**THE TASK:** Your copy of the data should match it exactly, leaving out only the pictures.

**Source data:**
===============

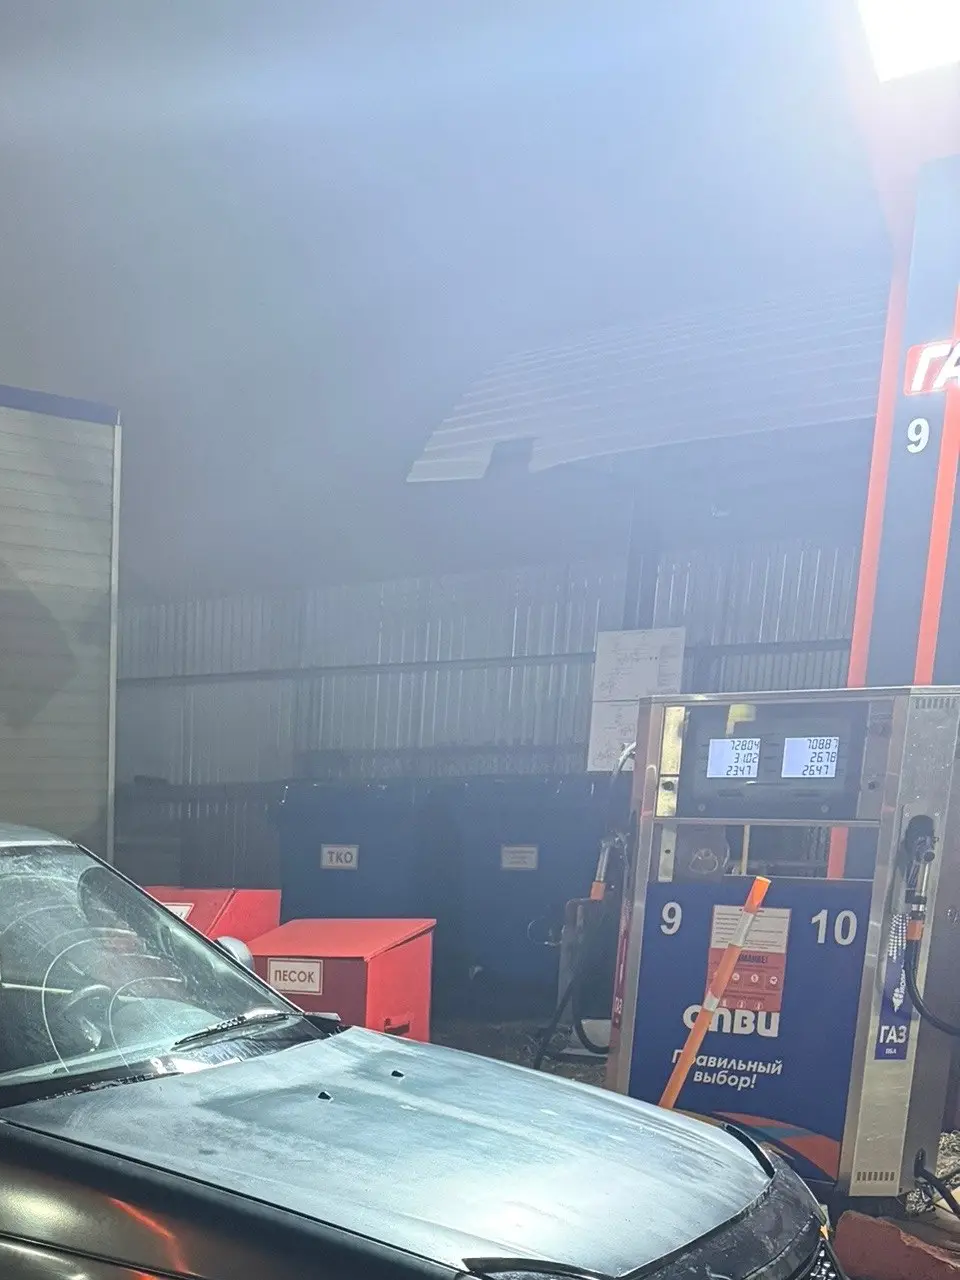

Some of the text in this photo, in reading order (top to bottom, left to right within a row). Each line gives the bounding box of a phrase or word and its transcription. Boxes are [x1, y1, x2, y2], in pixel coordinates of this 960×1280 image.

[906, 417, 930, 454] 9
[327, 850, 354, 865] ТКО
[660, 901, 683, 935] 9
[811, 909, 858, 946] 10
[274, 969, 315, 983] ПЕСОК
[879, 1025, 907, 1044] ГАЗ
[693, 1070, 757, 1091] выбор!

===============

**REPLY:**
Some of the text in this photo, in reading order (top to bottom, left to right within a row). Each line gives the bounding box of a phrase or word and its transcription. Boxes are [x1, y1, x2, y2], in pixel coordinates of this 960×1280 image.

[906, 417, 930, 454] 9
[327, 850, 354, 865] ТКО
[660, 901, 683, 935] 9
[811, 909, 858, 946] 10
[274, 969, 315, 983] ПЕСОК
[879, 1025, 907, 1044] ГАЗ
[693, 1070, 757, 1091] выбор!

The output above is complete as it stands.